:: Your assignment ::
Go through the entries and copy every one exactly.

:: Given data ::
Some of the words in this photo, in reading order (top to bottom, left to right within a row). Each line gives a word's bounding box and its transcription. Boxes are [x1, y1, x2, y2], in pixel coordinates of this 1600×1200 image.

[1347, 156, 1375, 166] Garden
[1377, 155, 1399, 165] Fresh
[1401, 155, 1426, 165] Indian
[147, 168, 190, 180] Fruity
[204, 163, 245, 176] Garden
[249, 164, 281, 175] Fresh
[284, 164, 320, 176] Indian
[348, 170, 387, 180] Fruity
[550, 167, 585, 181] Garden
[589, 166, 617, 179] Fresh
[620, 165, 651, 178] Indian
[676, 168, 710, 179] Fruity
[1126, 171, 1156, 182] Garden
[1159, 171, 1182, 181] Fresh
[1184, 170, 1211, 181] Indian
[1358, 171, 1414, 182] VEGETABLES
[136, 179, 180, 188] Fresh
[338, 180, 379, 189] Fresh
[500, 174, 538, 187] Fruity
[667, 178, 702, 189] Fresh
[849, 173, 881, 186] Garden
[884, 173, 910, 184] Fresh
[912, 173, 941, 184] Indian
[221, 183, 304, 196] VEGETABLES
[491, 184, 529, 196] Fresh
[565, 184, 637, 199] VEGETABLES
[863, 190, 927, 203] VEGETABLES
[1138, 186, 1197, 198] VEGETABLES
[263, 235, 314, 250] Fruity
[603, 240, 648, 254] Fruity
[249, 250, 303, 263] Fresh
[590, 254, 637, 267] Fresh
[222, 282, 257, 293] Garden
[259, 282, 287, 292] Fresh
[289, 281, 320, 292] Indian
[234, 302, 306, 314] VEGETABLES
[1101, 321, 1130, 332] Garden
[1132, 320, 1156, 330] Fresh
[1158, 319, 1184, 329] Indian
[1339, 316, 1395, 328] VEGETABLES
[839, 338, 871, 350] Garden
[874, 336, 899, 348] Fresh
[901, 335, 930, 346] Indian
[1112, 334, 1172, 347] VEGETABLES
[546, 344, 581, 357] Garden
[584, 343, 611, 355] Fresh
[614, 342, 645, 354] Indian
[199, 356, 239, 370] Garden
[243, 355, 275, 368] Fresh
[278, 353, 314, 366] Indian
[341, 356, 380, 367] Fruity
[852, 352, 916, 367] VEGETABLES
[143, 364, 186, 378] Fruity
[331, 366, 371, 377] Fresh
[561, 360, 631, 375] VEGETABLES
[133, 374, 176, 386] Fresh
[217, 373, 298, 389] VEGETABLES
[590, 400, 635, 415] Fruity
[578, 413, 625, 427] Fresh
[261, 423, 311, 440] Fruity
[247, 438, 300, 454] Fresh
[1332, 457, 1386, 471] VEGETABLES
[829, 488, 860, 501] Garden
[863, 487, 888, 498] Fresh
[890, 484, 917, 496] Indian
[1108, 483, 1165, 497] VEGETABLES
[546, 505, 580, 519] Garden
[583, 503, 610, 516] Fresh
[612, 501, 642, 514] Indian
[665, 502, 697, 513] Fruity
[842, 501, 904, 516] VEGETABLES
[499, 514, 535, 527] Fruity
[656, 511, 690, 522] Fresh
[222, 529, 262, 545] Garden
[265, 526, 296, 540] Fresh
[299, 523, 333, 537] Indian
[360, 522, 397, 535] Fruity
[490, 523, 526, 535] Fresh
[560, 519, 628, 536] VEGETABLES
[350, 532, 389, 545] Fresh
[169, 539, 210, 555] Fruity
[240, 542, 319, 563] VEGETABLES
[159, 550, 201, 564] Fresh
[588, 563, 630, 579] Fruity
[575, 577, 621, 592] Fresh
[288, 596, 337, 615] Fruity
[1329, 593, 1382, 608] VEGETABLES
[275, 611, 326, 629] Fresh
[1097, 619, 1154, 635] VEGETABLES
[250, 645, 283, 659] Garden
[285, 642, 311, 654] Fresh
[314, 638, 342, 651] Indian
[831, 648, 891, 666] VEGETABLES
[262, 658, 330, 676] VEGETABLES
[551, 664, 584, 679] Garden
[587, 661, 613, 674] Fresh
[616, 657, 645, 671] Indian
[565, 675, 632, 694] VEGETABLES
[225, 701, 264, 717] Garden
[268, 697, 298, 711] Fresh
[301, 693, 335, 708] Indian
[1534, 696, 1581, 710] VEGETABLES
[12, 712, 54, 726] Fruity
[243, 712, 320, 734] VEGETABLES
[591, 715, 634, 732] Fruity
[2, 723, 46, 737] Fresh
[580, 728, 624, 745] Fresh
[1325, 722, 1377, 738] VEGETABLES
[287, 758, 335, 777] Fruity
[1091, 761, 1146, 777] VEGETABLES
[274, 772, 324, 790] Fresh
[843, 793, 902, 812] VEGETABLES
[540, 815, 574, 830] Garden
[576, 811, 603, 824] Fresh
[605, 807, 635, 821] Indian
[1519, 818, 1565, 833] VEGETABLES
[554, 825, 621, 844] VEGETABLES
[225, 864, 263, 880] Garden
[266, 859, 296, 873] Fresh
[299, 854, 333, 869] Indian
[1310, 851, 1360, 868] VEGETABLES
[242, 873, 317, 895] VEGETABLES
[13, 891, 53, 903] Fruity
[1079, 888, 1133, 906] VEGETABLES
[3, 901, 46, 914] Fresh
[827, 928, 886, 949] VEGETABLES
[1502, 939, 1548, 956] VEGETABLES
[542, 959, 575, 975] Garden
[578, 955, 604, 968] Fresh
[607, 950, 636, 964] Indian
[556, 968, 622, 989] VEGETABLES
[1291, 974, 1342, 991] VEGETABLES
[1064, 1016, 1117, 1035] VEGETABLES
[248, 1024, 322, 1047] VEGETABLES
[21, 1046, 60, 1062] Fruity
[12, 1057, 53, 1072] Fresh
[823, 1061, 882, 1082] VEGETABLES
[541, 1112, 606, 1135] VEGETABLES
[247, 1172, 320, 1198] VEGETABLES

:: Output of the task ::
Some of the words in this photo, in reading order (top to bottom, left to right within a row). Each line gives a word's bounding box and its transcription. Boxes are [x1, y1, x2, y2], in pixel coordinates of this 1600×1200 image.

[1347, 156, 1375, 166] Garden
[1377, 155, 1399, 165] Fresh
[1401, 155, 1426, 165] Indian
[147, 168, 190, 180] Fruity
[204, 163, 245, 176] Garden
[249, 164, 281, 175] Fresh
[284, 164, 320, 176] Indian
[348, 170, 387, 180] Fruity
[550, 167, 585, 181] Garden
[589, 166, 617, 179] Fresh
[620, 165, 651, 178] Indian
[676, 168, 710, 179] Fruity
[1126, 171, 1156, 182] Garden
[1159, 171, 1182, 181] Fresh
[1184, 170, 1211, 181] Indian
[1358, 171, 1414, 182] VEGETABLES
[136, 179, 180, 188] Fresh
[338, 180, 379, 189] Fresh
[500, 174, 538, 187] Fruity
[667, 178, 702, 189] Fresh
[849, 173, 881, 186] Garden
[884, 173, 910, 184] Fresh
[912, 173, 941, 184] Indian
[221, 183, 304, 196] VEGETABLES
[491, 184, 529, 196] Fresh
[565, 184, 637, 199] VEGETABLES
[863, 190, 927, 203] VEGETABLES
[1138, 186, 1197, 198] VEGETABLES
[263, 235, 314, 250] Fruity
[603, 240, 648, 254] Fruity
[249, 250, 303, 263] Fresh
[590, 254, 637, 267] Fresh
[222, 282, 257, 293] Garden
[259, 282, 287, 292] Fresh
[289, 281, 320, 292] Indian
[234, 302, 306, 314] VEGETABLES
[1101, 321, 1130, 332] Garden
[1132, 320, 1156, 330] Fresh
[1158, 319, 1184, 329] Indian
[1339, 316, 1395, 328] VEGETABLES
[839, 338, 871, 350] Garden
[874, 336, 899, 348] Fresh
[901, 335, 930, 346] Indian
[1112, 334, 1172, 347] VEGETABLES
[546, 344, 581, 357] Garden
[584, 343, 611, 355] Fresh
[614, 342, 645, 354] Indian
[199, 356, 239, 370] Garden
[243, 355, 275, 368] Fresh
[278, 353, 314, 366] Indian
[341, 356, 380, 367] Fruity
[852, 352, 916, 367] VEGETABLES
[143, 364, 186, 378] Fruity
[331, 366, 371, 377] Fresh
[561, 360, 631, 375] VEGETABLES
[133, 374, 176, 386] Fresh
[217, 373, 298, 389] VEGETABLES
[590, 400, 635, 415] Fruity
[578, 413, 625, 427] Fresh
[261, 423, 311, 440] Fruity
[247, 438, 300, 454] Fresh
[1332, 457, 1386, 471] VEGETABLES
[829, 488, 860, 501] Garden
[863, 487, 888, 498] Fresh
[890, 484, 917, 496] Indian
[1108, 483, 1165, 497] VEGETABLES
[546, 505, 580, 519] Garden
[583, 503, 610, 516] Fresh
[612, 501, 642, 514] Indian
[665, 502, 697, 513] Fruity
[842, 501, 904, 516] VEGETABLES
[499, 514, 535, 527] Fruity
[656, 511, 690, 522] Fresh
[222, 529, 262, 545] Garden
[265, 526, 296, 540] Fresh
[299, 523, 333, 537] Indian
[360, 522, 397, 535] Fruity
[490, 523, 526, 535] Fresh
[560, 519, 628, 536] VEGETABLES
[350, 532, 389, 545] Fresh
[169, 539, 210, 555] Fruity
[240, 542, 319, 563] VEGETABLES
[159, 550, 201, 564] Fresh
[588, 563, 630, 579] Fruity
[575, 577, 621, 592] Fresh
[288, 596, 337, 615] Fruity
[1329, 593, 1382, 608] VEGETABLES
[275, 611, 326, 629] Fresh
[1097, 619, 1154, 635] VEGETABLES
[250, 645, 283, 659] Garden
[285, 642, 311, 654] Fresh
[314, 638, 342, 651] Indian
[831, 648, 891, 666] VEGETABLES
[262, 658, 330, 676] VEGETABLES
[551, 664, 584, 679] Garden
[587, 661, 613, 674] Fresh
[616, 657, 645, 671] Indian
[565, 675, 632, 694] VEGETABLES
[225, 701, 264, 717] Garden
[268, 697, 298, 711] Fresh
[301, 693, 335, 708] Indian
[1534, 696, 1581, 710] VEGETABLES
[12, 712, 54, 726] Fruity
[243, 712, 320, 734] VEGETABLES
[591, 715, 634, 732] Fruity
[2, 723, 46, 737] Fresh
[580, 728, 624, 745] Fresh
[1325, 722, 1377, 738] VEGETABLES
[287, 758, 335, 777] Fruity
[1091, 761, 1146, 777] VEGETABLES
[274, 772, 324, 790] Fresh
[843, 793, 902, 812] VEGETABLES
[540, 815, 574, 830] Garden
[576, 811, 603, 824] Fresh
[605, 807, 635, 821] Indian
[1519, 818, 1565, 833] VEGETABLES
[554, 825, 621, 844] VEGETABLES
[225, 864, 263, 880] Garden
[266, 859, 296, 873] Fresh
[299, 854, 333, 869] Indian
[1310, 851, 1360, 868] VEGETABLES
[242, 873, 317, 895] VEGETABLES
[13, 891, 53, 903] Fruity
[1079, 888, 1133, 906] VEGETABLES
[3, 901, 46, 914] Fresh
[827, 928, 886, 949] VEGETABLES
[1502, 939, 1548, 956] VEGETABLES
[542, 959, 575, 975] Garden
[578, 955, 604, 968] Fresh
[607, 950, 636, 964] Indian
[556, 968, 622, 989] VEGETABLES
[1291, 974, 1342, 991] VEGETABLES
[1064, 1016, 1117, 1035] VEGETABLES
[248, 1024, 322, 1047] VEGETABLES
[21, 1046, 60, 1062] Fruity
[12, 1057, 53, 1072] Fresh
[823, 1061, 882, 1082] VEGETABLES
[541, 1112, 606, 1135] VEGETABLES
[247, 1172, 320, 1198] VEGETABLES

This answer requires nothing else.